Even though Saudi Arabia is pumping out the most crude in decades and even though Libyan crude lost during the recent civil unrest is coming back on line, there's just not enough out there to meet demand in the U.S., Europe and emerging economies like China, India and elsewhere.
Brent futures for May delivery are trading around $124 a barrel, while U.S. crude is hovering around $107 a barrel.
The actual price when money changes hand and the oil is shipped can be higher in many cases, and could hit $200.
"The seaborne oil market is extremely tight," a trader tells CNBC.
"As much as the politicians love blaming speculators, if the market was up on speculation and not fundamentals, the physical market would be trading at a discount."
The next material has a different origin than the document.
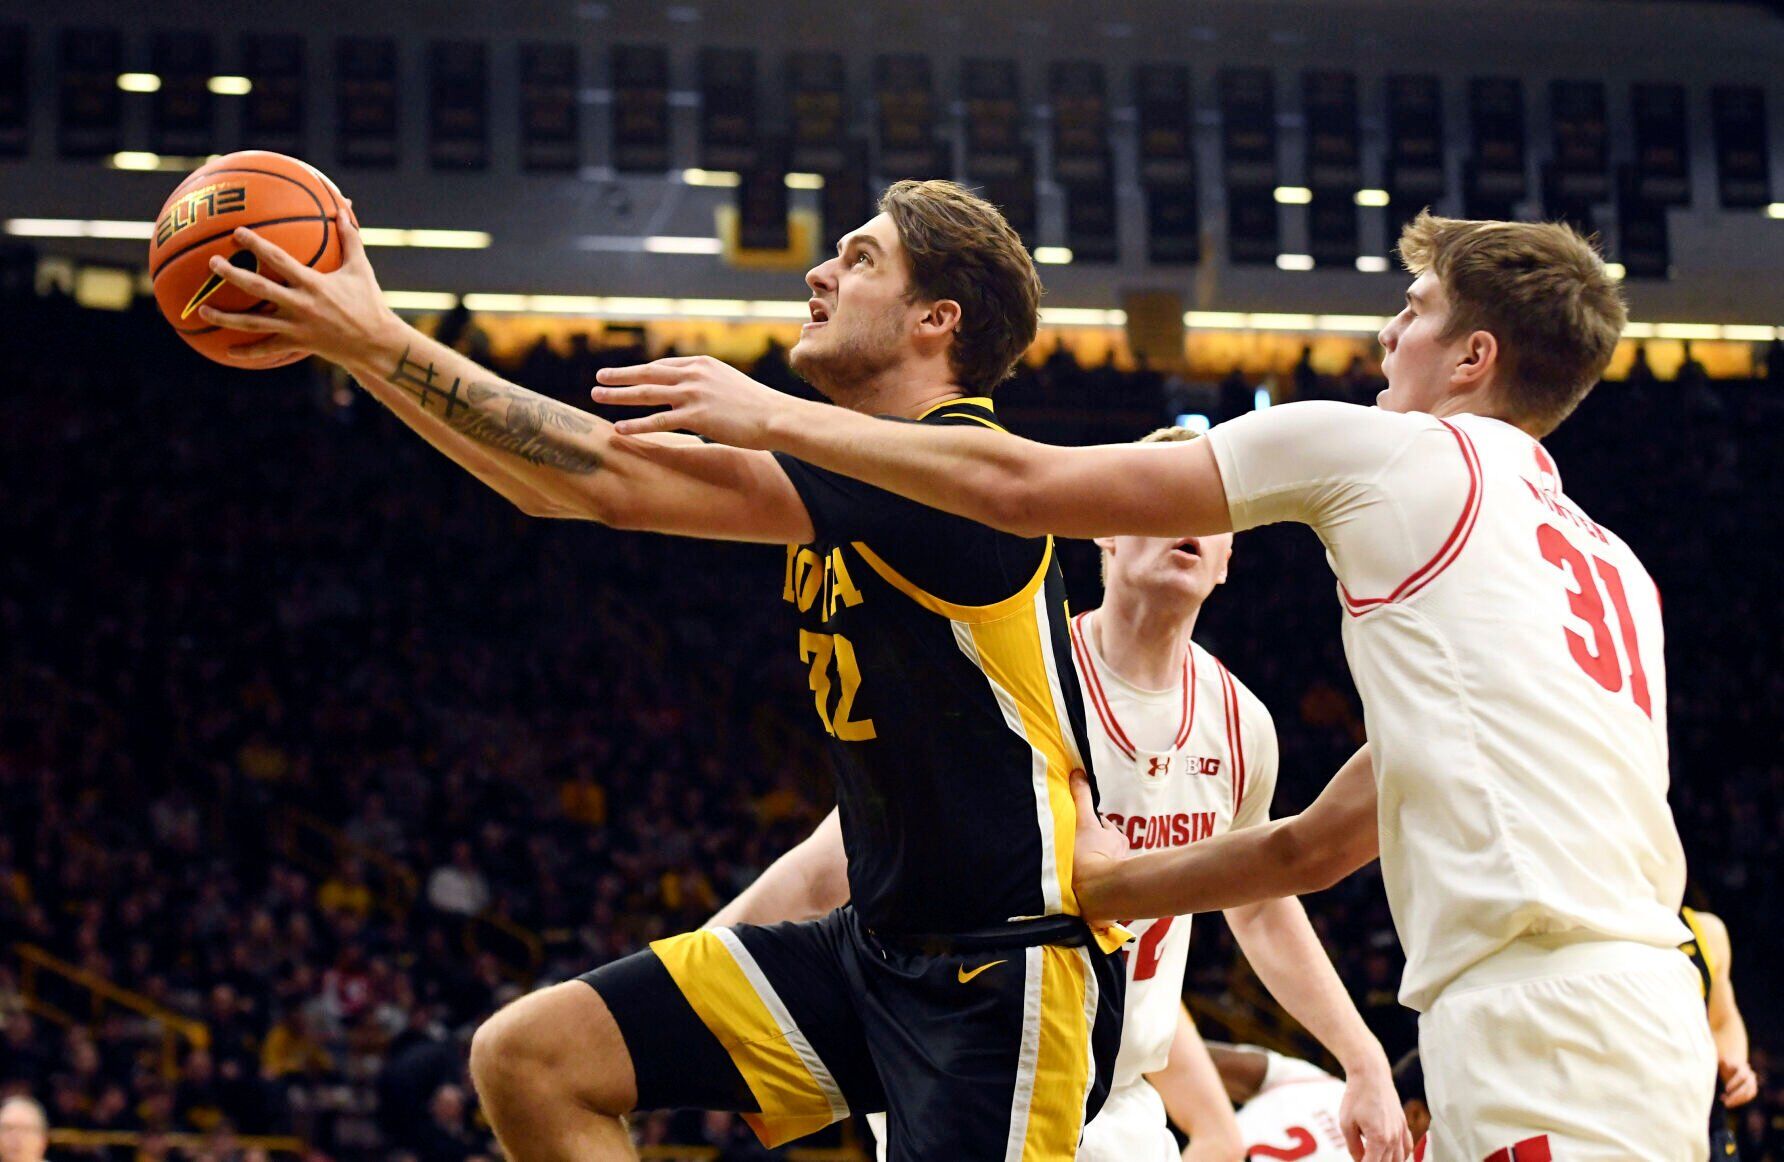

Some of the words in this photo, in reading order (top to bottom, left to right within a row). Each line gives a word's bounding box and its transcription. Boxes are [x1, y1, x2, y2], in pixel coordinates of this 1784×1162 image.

Analysts at Goldman Sachs agree.
"We expect fundamentals will continue to tighten during 2012,” the firm says in a report, adding supply issues were "pushing prices toward our 2013 Brent crude oil price target of $130 [per barrel]. With OPEC spare capacity and inventories low, the balance of risk to crude oil prices remains skewed to the upside."
A growing U.S. economy is also pressuring prices higher, as a healthier country needs more oil and derivatives to expand.
If unemployment rates continue to fall and other indicators surprise on the upside, crude will keep on climbing globally, especially if tensions with Iran drag on.
"The market is anticipating additional favorable U.S. economic news," energy trader and consultancy Ritterbusch and Associates says in report, according to the Associated Press.
"And until concerns ease regarding Iranian risk, the market appears capable of maintaining price gains, especially if equities remain strong."